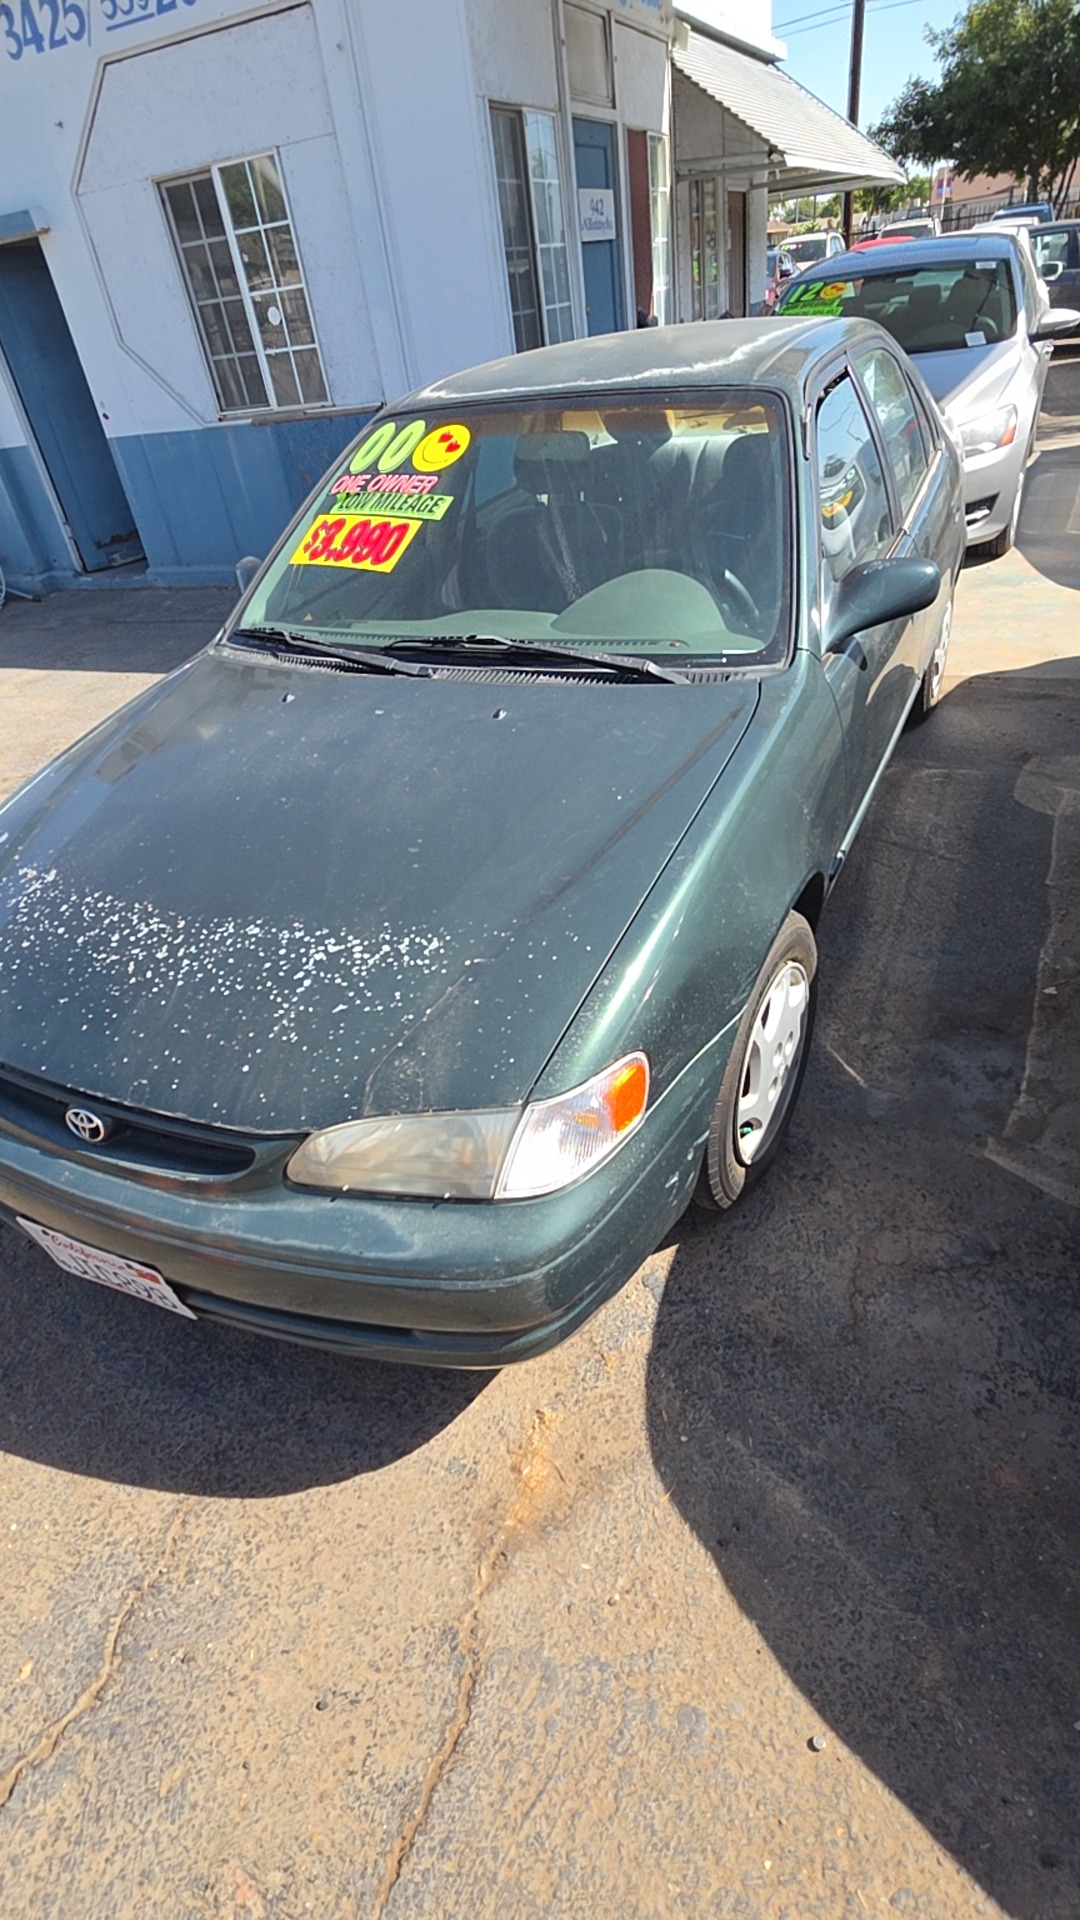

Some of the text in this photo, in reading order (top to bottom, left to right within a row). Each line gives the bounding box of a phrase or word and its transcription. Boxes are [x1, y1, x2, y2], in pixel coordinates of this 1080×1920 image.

[0, 0, 86, 60] 3425
[589, 198, 604, 216] 942
[789, 281, 824, 303] 12
[350, 420, 426, 474] 00
[330, 474, 439, 495] ONE OWNER
[337, 492, 444, 515] LOW MILEAGE

|---|

Give back the full listing word for word, with the pictures left out.

--- Worked solution ---
Some of the text in this photo, in reading order (top to bottom, left to right within a row). Each line gives the bounding box of a phrase or word and its transcription. Boxes are [x1, y1, x2, y2], in pixel coordinates of this 1080×1920 image.

[0, 0, 86, 60] 3425
[589, 198, 604, 216] 942
[789, 281, 824, 303] 12
[350, 420, 426, 474] 00
[330, 474, 439, 495] ONE OWNER
[337, 492, 444, 515] LOW MILEAGE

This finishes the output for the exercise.